Of course you can't keep the Wilier guy waiting, but if you at least could have him hold off for until you get a test ride out of the KOM Evo, you'll be exploiting your options to the fullest.

Really hard to judge. If I recall, you said the KOM is coming from someone who professionally maintained the frame and it was just "slightly used". Sounds so easy to just take that, then sell your Wilier because the other seller is a bigger question mark - although I doubt he's come anywhere close to thrashing such a frame.


----------



## toddious (Dec 14, 2011)

I really wish keeping both was an option! Unfortunately I'm lucky to have one or the other (my girlfriend still can't believe what I'm paying)

The Kuota showed up yesterday and is a beautiful bike. Side by side with my Wilier frameset there are qualities about each that I really like. Ultimately I would love to ride both and decide but I'm not sure there's any way for me to do that. 

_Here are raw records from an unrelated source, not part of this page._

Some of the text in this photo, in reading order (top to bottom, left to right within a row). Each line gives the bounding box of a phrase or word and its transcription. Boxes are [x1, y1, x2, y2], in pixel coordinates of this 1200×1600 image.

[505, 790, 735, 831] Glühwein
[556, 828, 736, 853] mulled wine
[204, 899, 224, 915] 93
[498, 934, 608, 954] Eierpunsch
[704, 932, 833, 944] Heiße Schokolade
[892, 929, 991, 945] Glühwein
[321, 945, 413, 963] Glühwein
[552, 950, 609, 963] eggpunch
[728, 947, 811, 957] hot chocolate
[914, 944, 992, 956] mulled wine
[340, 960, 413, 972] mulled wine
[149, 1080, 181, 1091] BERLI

Also, I just found out that the Wilier that the guy has is set up for Di2 not mechanical, so I would have to have it modified and it would have external cabling (which isn't the worst considering all the known issues with the Cento cable routing).


----------



## AtomicMoose (Aug 15, 2012)

Its a shame you cannot test ride them both and then decide! :mad2:

I don't have any experience with either of these frames, but I will say that aesthetically, I like the Wilier better. I like the lines, I like the color design.

Stupid stuff aside, does either geo fit your riding style better than the other?


----------



## toddious (Dec 14, 2011)

The geometry is actually very similar between them (head tube identical, TT within 2mm). The KOM is much lighter and designed for hills, of which I have none in Florida. That said it still supposed to be very still and reasonably comfortable. 

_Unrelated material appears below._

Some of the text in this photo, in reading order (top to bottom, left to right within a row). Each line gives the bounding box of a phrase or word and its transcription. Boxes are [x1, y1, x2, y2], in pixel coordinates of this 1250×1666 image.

The Di2 setup may kill the Wilier option altogether though as I'm not sure how difficult it is to add cable stops to a carbon frame?


----------



## bruno_h2 (Sep 12, 2012)

Aesthetically, I'll stick with the kuota chassis... I don't like the curved top tube, seat & chain stays like the ones in this wilier model... If it was the new cento 1 sr with all that straight tubes... But of course the ride quality is much more important, this kind of things doesn't matter at all...


----------



## Italianrider76 (May 13, 2005)

The KOM has more cred on the pro tour circuit. I'd stick with the KOM.


----------



## esldude (Jan 3, 2009)

Beauty in the eye of the beholder and all......but

I think the Willier is about twice as good looking at the Kuota.

The good thing is both are so good, picking the one you like the looks of is probably as good as any other reason.


----------



## moskowe (Mar 14, 2011)

"The KOM has more cred on the pro tour circuit" 
Since when exactly ? I know a lot of people aren't fond of Wilier's engineering, but as far as I recall Kuotas are just crappy cookie-cutter frames. I'd love to hear of a pro objectively giving a Kuota frame some compliments. 

Personally, I think comparing the two frames is like comparing a Ford Mustang and a Murcielago. You just know one of them is a wannabe. I would chose a Cento Uno over 10 Kuota KOMs.


----------



## Ventruck (Mar 9, 2009)

>Gets critical over inaccurate statement.



moskowe said:


> "The KOM has more cred on the pro tour circuit"
> Since when exactly ? I know a lot of people aren't fond of Wilier's engineering, but as far as I recall Kuotas are just crappy cookie-cutter frames. I'd love to hear of a pro objectively giving a Kuota frame some compliments.
> 
> Personally, I think comparing the two frames is like comparing a Ford Mustang and a Murcielago. You just know one of them is a wannabe. I would chose a Cento Uno over 10 Kuota KOMs.



>Uses pretentious judgement and illustrates highly subjective images.


----------



## toddious (Dec 14, 2011)

bruno_h2 said:


> Aesthetically, I'll stick with the kuota chassis... I don't like the curved top tube, seat & chain stays like the ones in this wilier model... If it was the new cento 1 sr with all that straight tubes... But of course the ride quality is much more important, this kind of things doesn't matter at all...


I go back and forth about which I like better aesthetically. I do not like the look of sloping top tubes (look like girls bikes to me), of which the Wilier is slightly sloping. I do like the rear swingarm design though, and the look of the ISP. 

I think the KOM just looks mean. Straightforward. 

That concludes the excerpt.